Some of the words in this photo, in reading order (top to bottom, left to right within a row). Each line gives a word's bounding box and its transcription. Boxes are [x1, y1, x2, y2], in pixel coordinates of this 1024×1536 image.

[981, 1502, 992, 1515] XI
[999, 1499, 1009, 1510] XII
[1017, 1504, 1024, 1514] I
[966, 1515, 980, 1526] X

### What is needed
Transcribe each of the records verbatim.

### Task output
Some of the words in this photo, in reading order (top to bottom, left to right within a row). Each line gives a word's bounding box and its transcription. Boxes are [x1, y1, x2, y2], in pixel coordinates of this 1024×1536 image.

[981, 1502, 992, 1515] XI
[999, 1499, 1009, 1510] XII
[1017, 1504, 1024, 1514] I
[966, 1515, 980, 1526] X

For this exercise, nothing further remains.